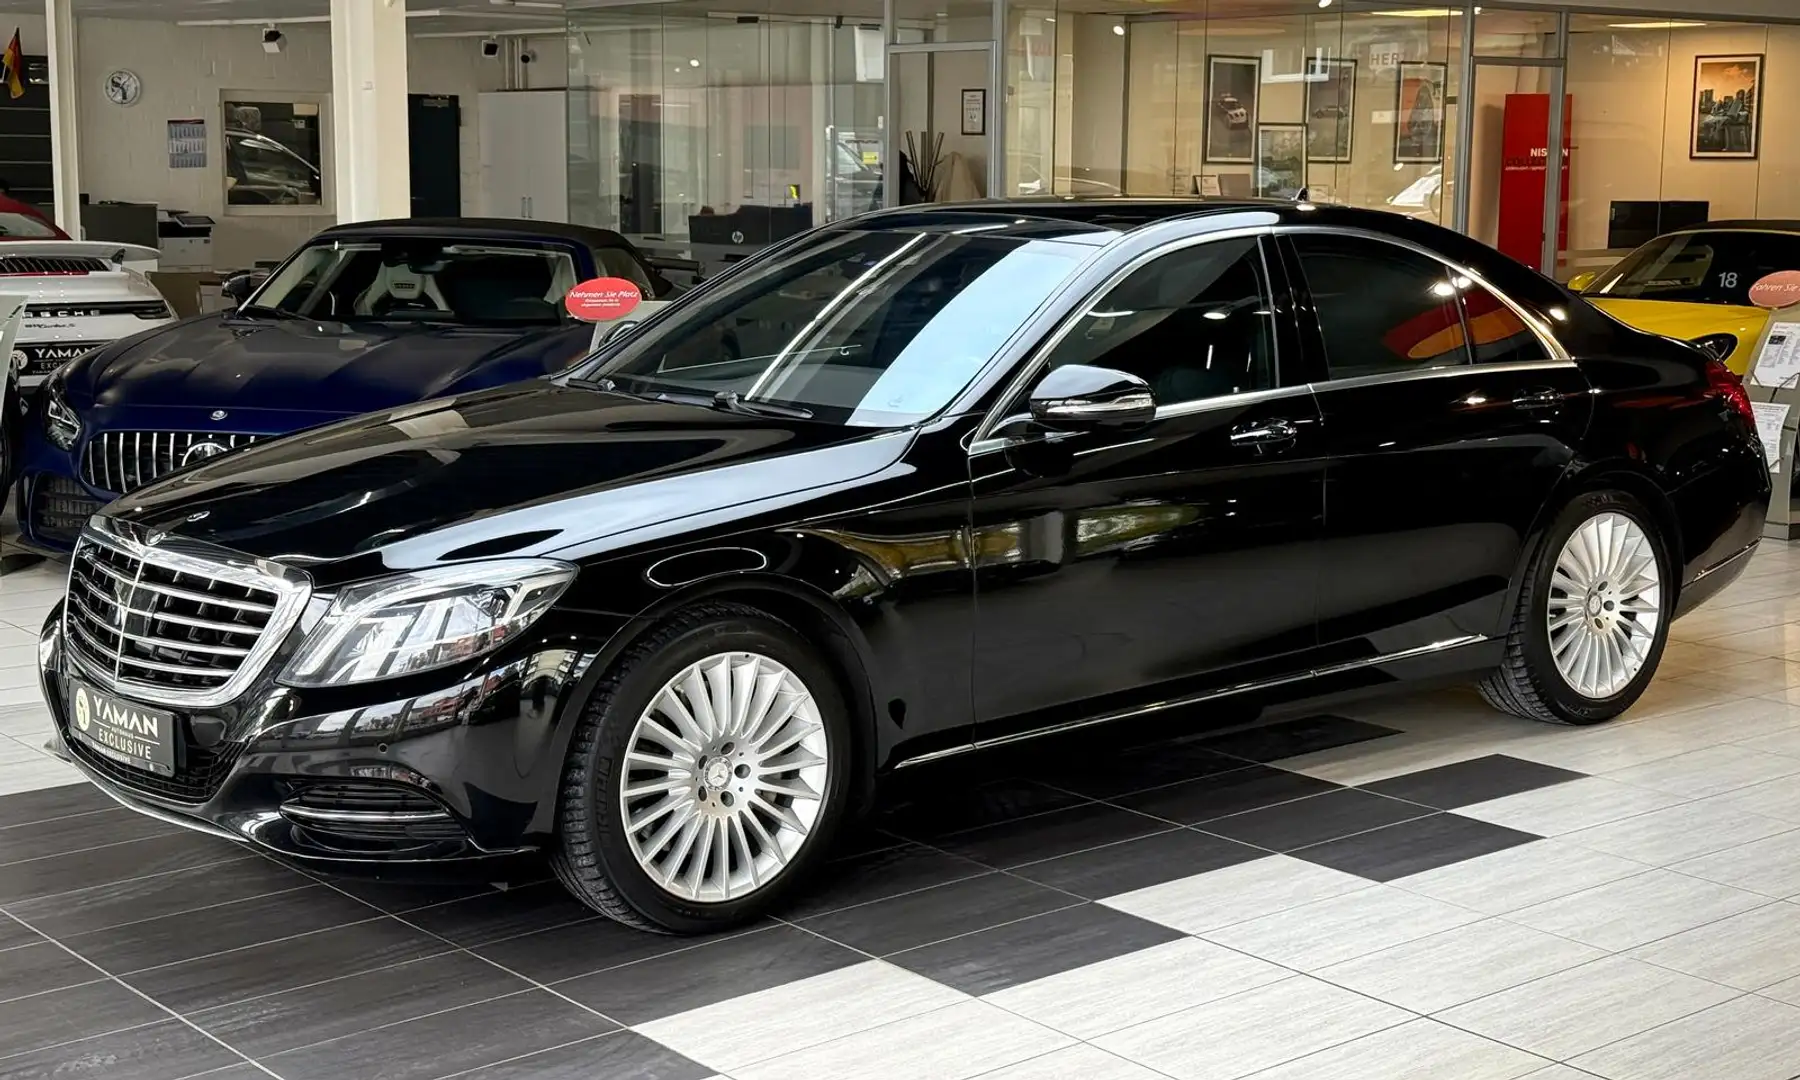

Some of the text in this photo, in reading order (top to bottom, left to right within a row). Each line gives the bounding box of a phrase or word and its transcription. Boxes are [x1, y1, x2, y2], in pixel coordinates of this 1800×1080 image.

[1530, 148, 1568, 157] NISN
[1718, 272, 1738, 288] 18
[618, 290, 639, 298] Platz
[93, 695, 158, 737] YAMAN
[98, 728, 151, 760] EXCLUSIVE
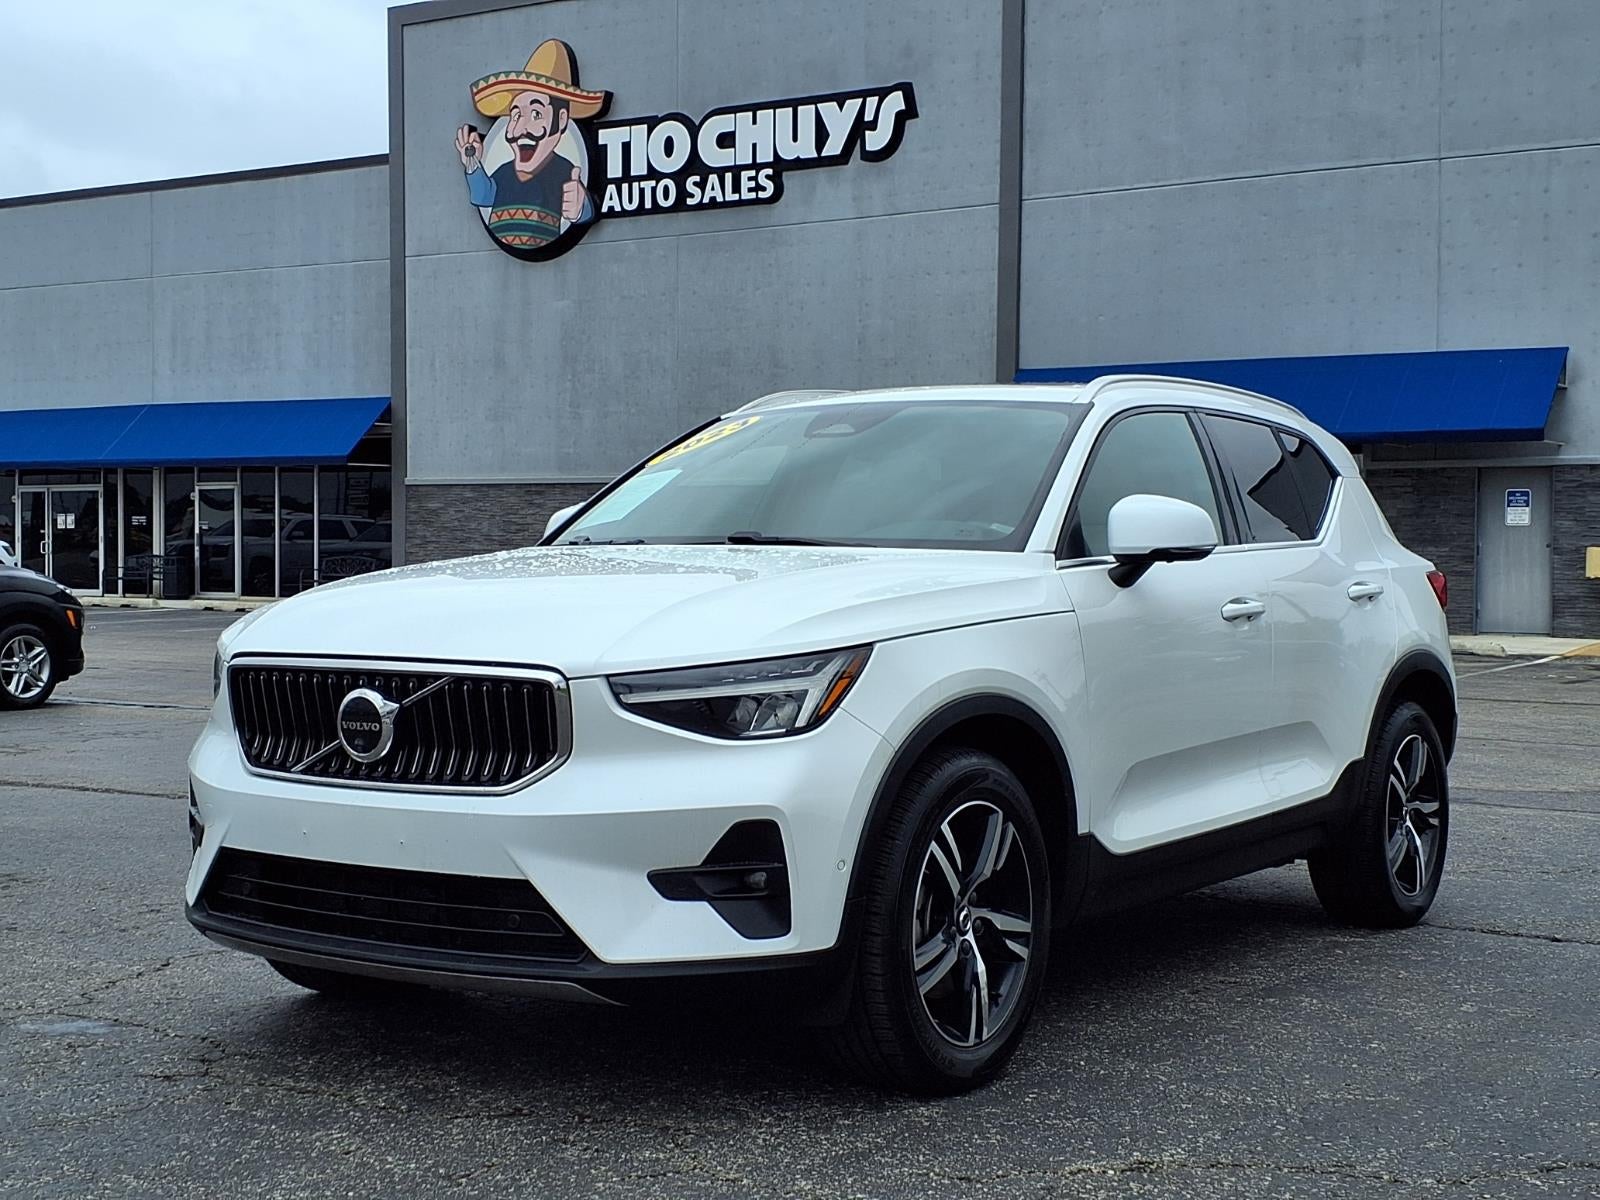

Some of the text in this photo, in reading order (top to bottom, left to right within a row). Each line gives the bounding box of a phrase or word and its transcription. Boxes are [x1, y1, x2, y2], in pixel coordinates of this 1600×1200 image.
=======
## TASK GOAL:
No pictures belong in the copy. Repeat the entries exactly.

## ANSWER TO THIS EXERCISE:
Some of the text in this photo, in reading order (top to bottom, left to right within a row). Each line gives the bounding box of a phrase or word and its transcription. Boxes are [x1, y1, x2, y2], in pixel coordinates of this 1800×1080 image.

[1530, 148, 1568, 157] NISN
[1718, 272, 1738, 288] 18
[618, 290, 639, 298] Platz
[93, 695, 158, 737] YAMAN
[98, 728, 151, 760] EXCLUSIVE

Some of the text in this photo, in reading order (top to bottom, left to right within a row). Each line gives the bounding box of a phrase or word and its transcription. Boxes are [x1, y1, x2, y2], in pixel coordinates of this 1600×1200 image.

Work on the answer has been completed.